How to train and what to eat?
For training enough to devote 15 minutes a day. To speed up the progress, you can increase the duration to half an hour, and even better – to break it down into 2 sessions: morning and evening. Training you should complete at least 2 hours before bedtime. You can perform exercises at home for women, especially those with small children, this is especially important. Purchases will have the easiest sports equipment: jump rope, hula-Hoop, dumbbells, fitness Mat.
Exercises for women at home will not give the desired effect without proper nutrition.

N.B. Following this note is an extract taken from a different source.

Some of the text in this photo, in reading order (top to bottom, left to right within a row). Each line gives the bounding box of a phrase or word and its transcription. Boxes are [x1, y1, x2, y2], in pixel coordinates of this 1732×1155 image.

When losing weight the body must receive less calories than he expends. If the daily fill at the dinner table spent in training calories, about weight loss can be forgotten.

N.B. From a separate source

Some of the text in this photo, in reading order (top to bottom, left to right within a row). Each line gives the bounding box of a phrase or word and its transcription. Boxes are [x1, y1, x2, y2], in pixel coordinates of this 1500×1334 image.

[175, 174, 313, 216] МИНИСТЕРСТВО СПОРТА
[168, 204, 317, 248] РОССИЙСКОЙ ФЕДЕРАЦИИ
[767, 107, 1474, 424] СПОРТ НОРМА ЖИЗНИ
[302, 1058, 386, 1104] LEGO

In the diet losing weight athletes not place pastries and sweets, white bread and sweet carbonated drinks. Will have to abandon the use of smoked meats, alcohol and strong tea. About half of the diet should be vegetables and fruits. The best option Breakfast – oatmeal or buckwheat porridge. During one of the snacks need to be sure to eat yogurt, low-fat cottage cheese or drink a glass of yogurt. The meal should be not later than 1-1,5 hours before training.
Losing weight in 15 minutes
At the end of the training to jump rope. Perform jumps on his toes and landing on the whole foot – 1 minute. Women over the age of 50 to exercise with the jumping must be approached with caution.
Strength exercises
At home you can also use the complex of power exercises with dumbbells. It helps to adjust the chest, abdomen, buttocks and thighs.
When you are finished, you need to lie down for 5 minutes to catch my breath and relaxing muscles.
Exercise for weight loss – just 15 minutes a day!